Having found the line containing "this 2352×1568 image." in the data below, reproduce that line and each one after it to the end, exactly, and include nothing else.

• Record set:
====================

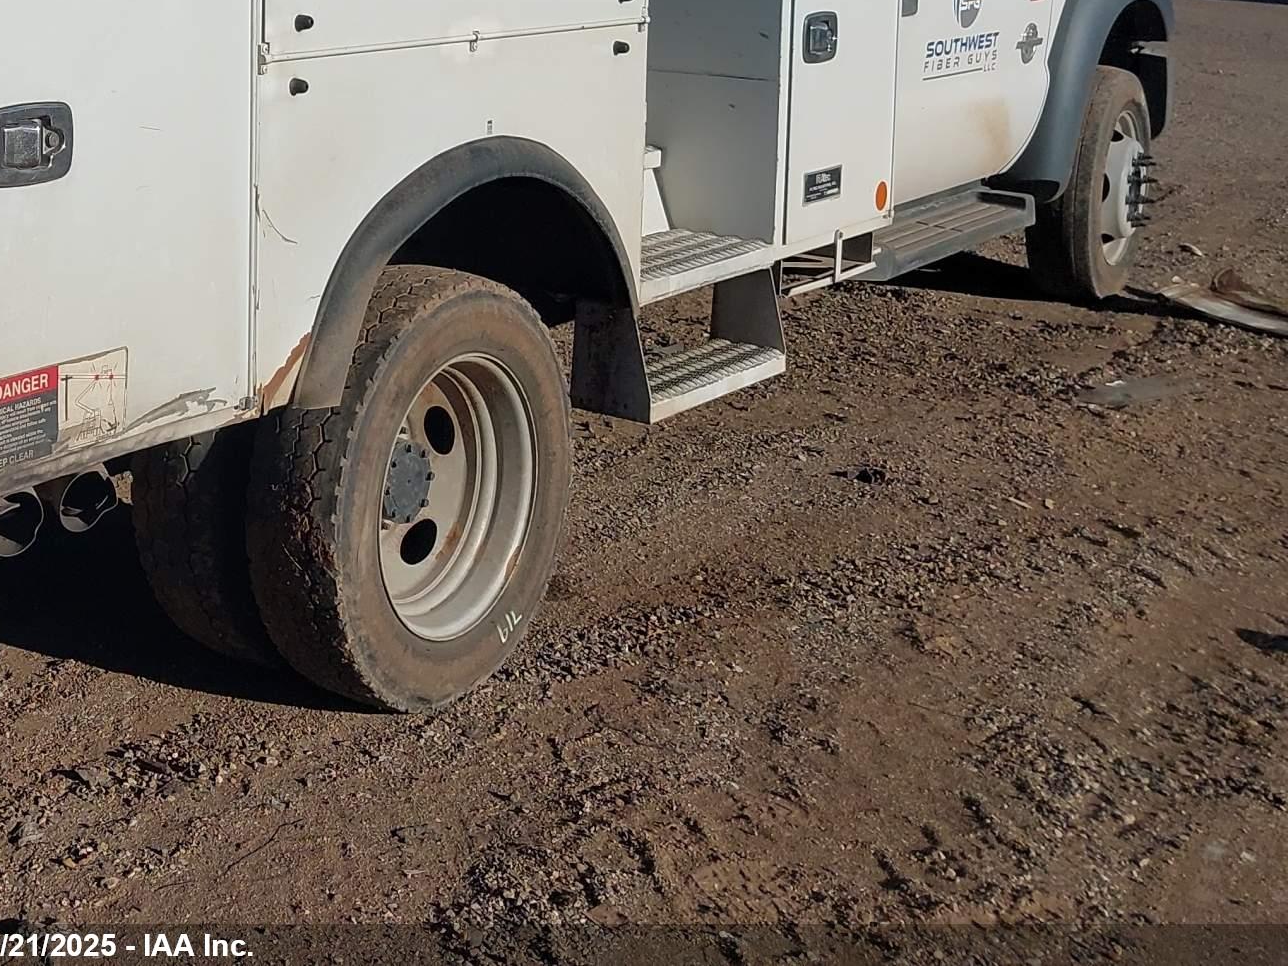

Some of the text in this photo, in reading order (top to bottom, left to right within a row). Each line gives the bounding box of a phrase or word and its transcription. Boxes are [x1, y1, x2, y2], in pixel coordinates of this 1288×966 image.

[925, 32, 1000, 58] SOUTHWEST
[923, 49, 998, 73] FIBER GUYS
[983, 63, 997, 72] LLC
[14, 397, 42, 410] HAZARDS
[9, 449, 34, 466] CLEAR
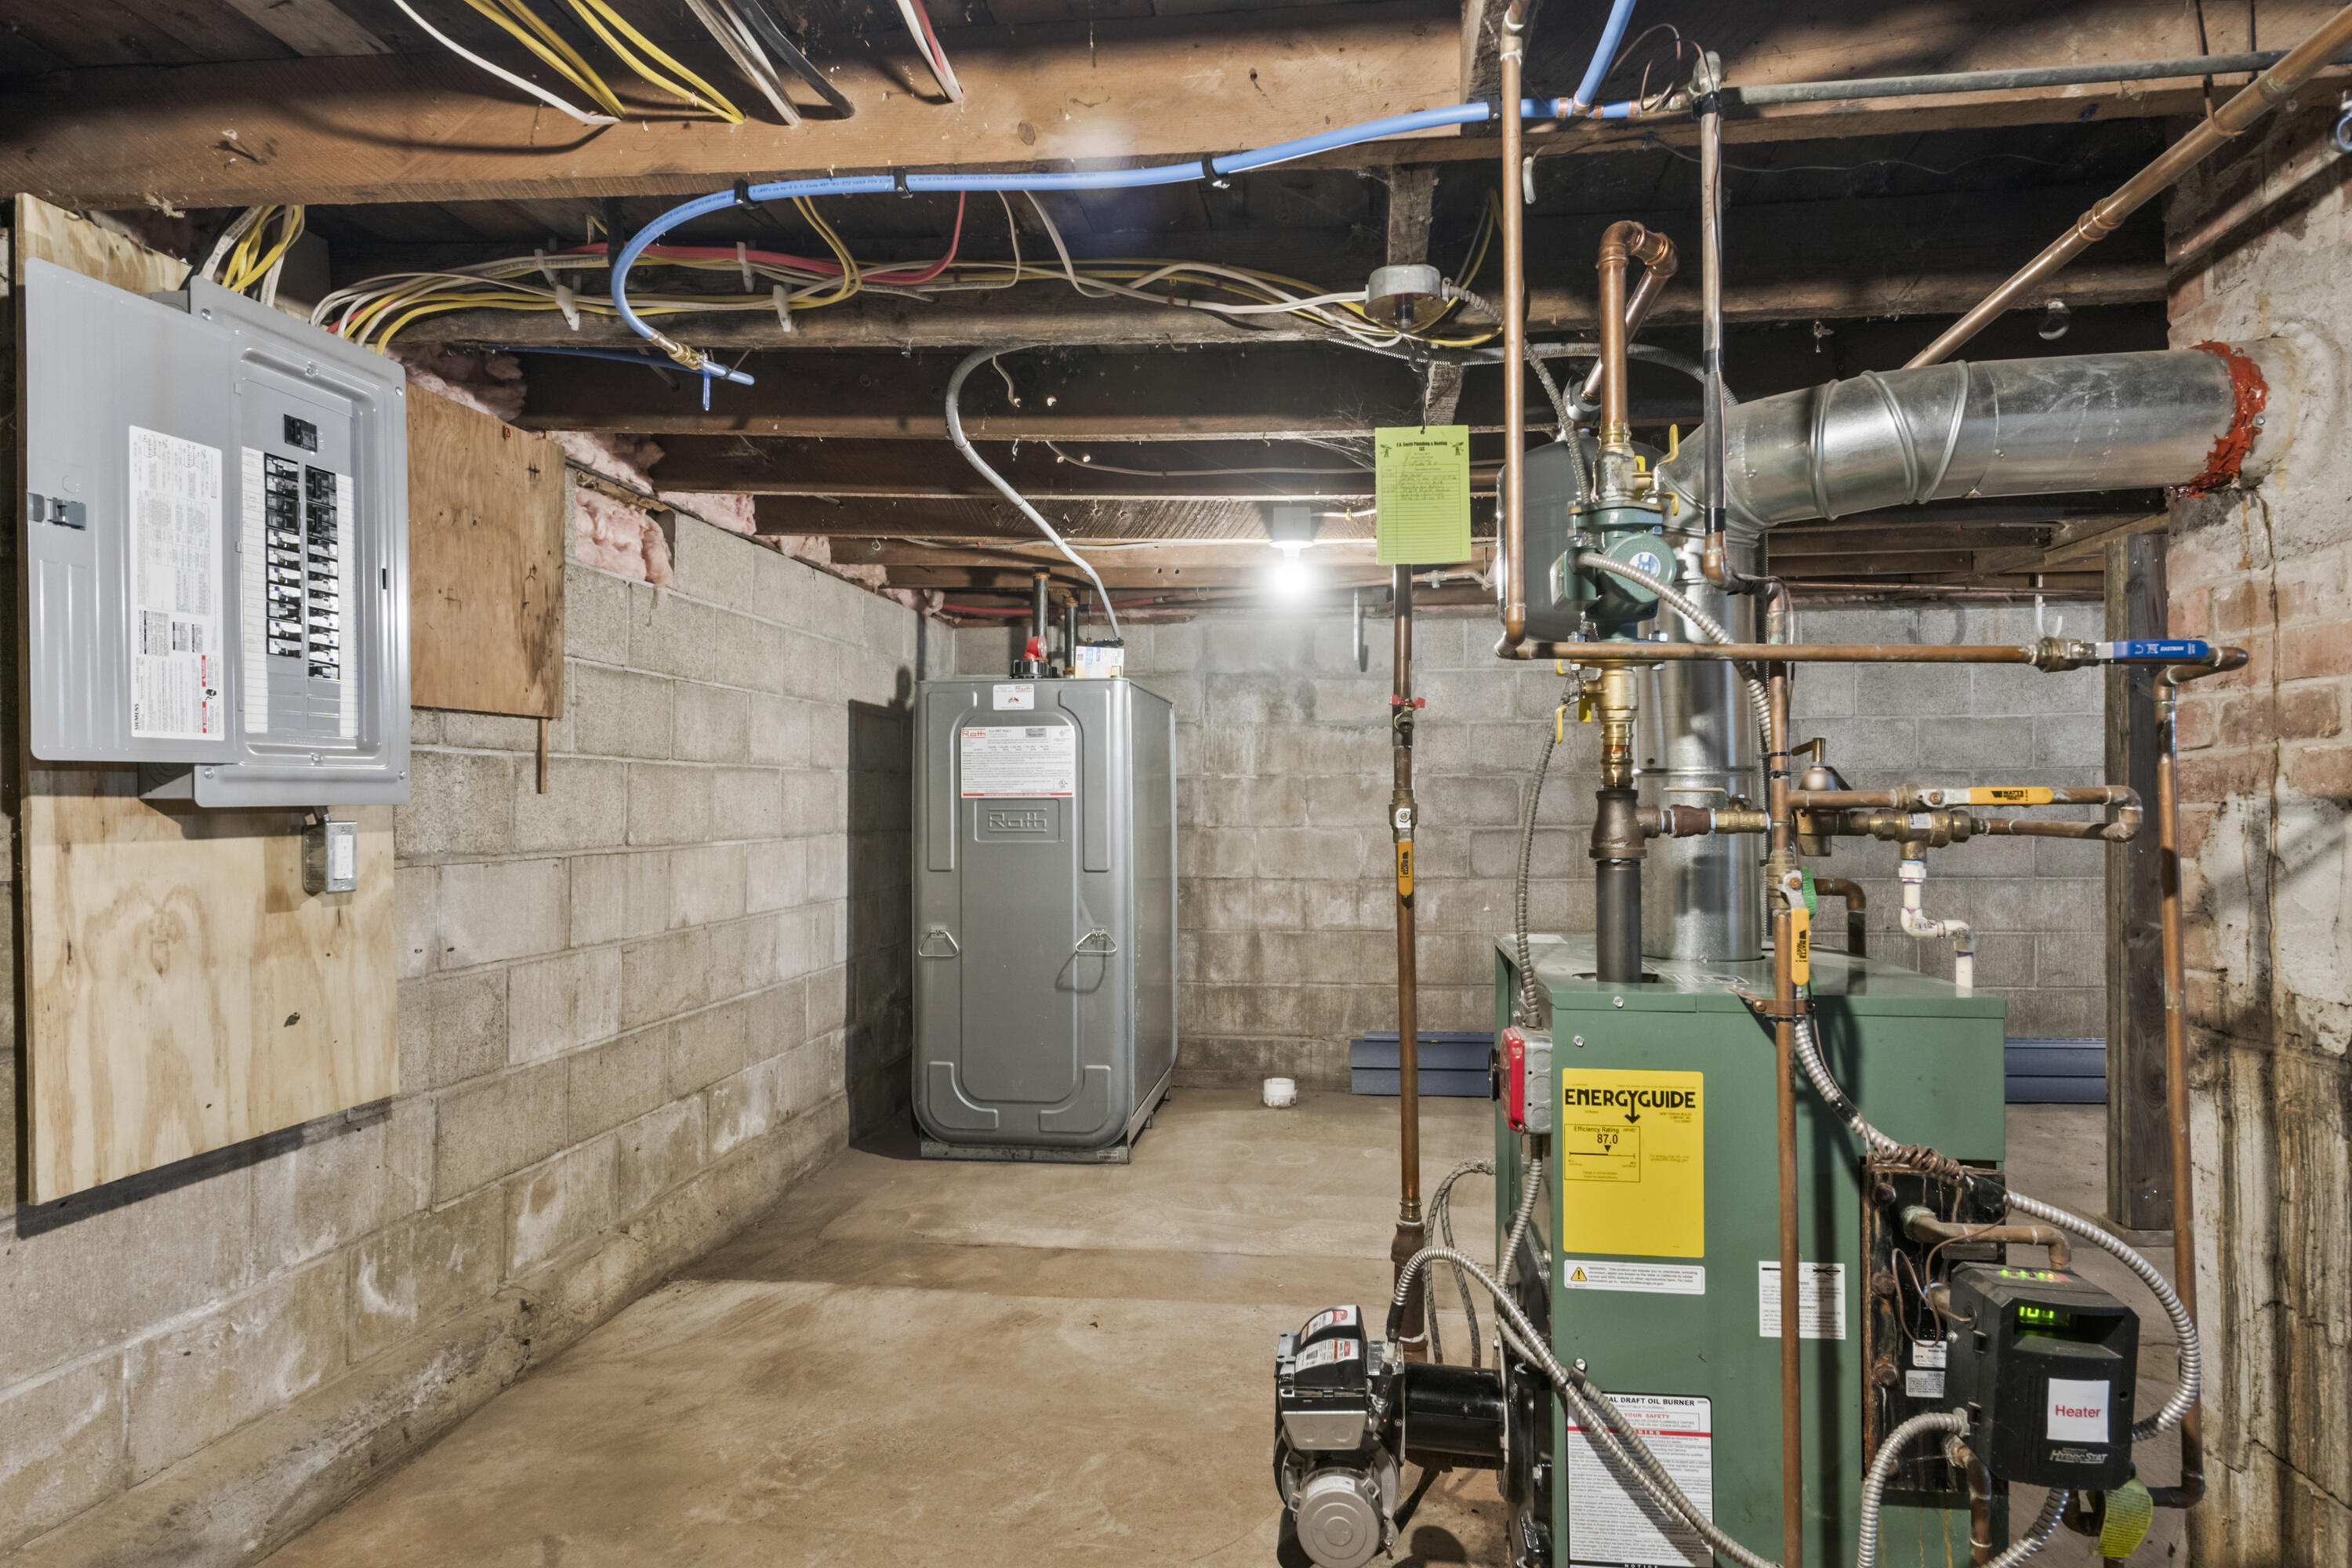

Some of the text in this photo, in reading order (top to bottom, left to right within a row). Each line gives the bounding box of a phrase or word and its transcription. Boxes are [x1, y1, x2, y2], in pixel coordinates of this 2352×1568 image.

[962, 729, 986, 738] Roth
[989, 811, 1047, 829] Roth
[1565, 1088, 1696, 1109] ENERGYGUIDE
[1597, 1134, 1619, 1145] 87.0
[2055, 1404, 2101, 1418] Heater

====================

• Solved problem:
Some of the text in this photo, in reading order (top to bottom, left to right within a row). Each line gives the bounding box of a phrase or word and its transcription. Boxes are [x1, y1, x2, y2], in pixel coordinates of this 2352×1568 image.

[962, 729, 986, 738] Roth
[989, 811, 1047, 829] Roth
[1565, 1088, 1696, 1109] ENERGYGUIDE
[1597, 1134, 1619, 1145] 87.0
[2055, 1404, 2101, 1418] Heater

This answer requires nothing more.